▶ Work task: For every record beneath this instruction, give an exact repetition, omitting images.

(Phrase grounding data)
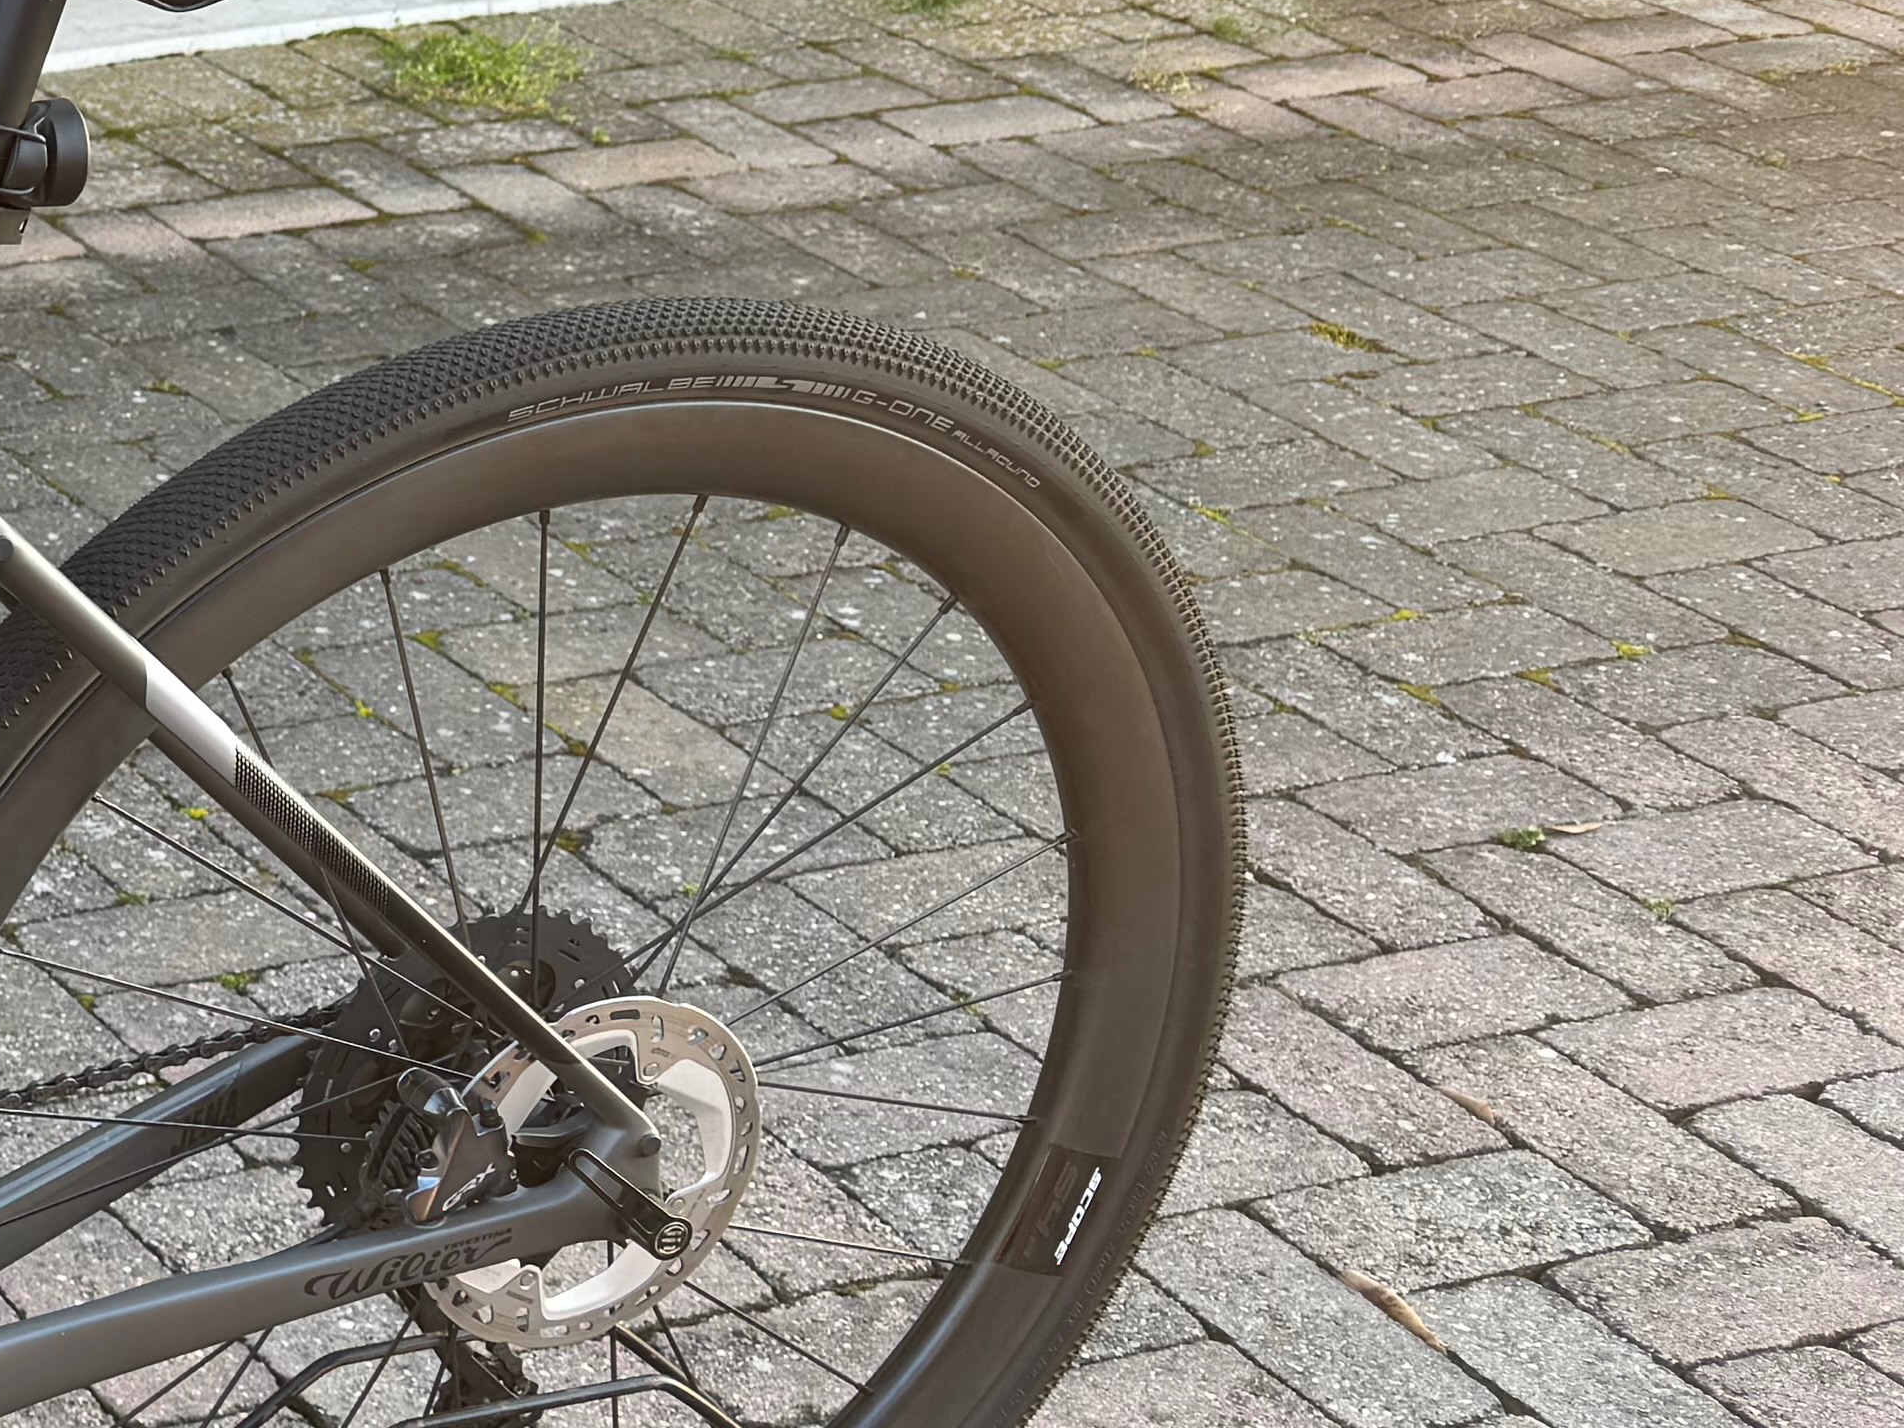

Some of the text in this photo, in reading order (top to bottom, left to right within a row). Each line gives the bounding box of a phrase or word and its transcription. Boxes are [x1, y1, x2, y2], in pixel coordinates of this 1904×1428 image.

[507, 376, 1041, 488] SCHWALBE G-ONE ALLROUND
[444, 1227, 513, 1251] TRIESTINA
[1054, 1166, 1102, 1266] SCOPE
[303, 1235, 513, 1301] Wilier

▶ Answer to the problem:
Some of the text in this photo, in reading order (top to bottom, left to right within a row). Each line gives the bounding box of a phrase or word and its transcription. Boxes are [x1, y1, x2, y2], in pixel coordinates of this 1904×1428 image.

[507, 376, 1041, 488] SCHWALBE G-ONE ALLROUND
[444, 1227, 513, 1251] TRIESTINA
[1054, 1166, 1102, 1266] SCOPE
[303, 1235, 513, 1301] Wilier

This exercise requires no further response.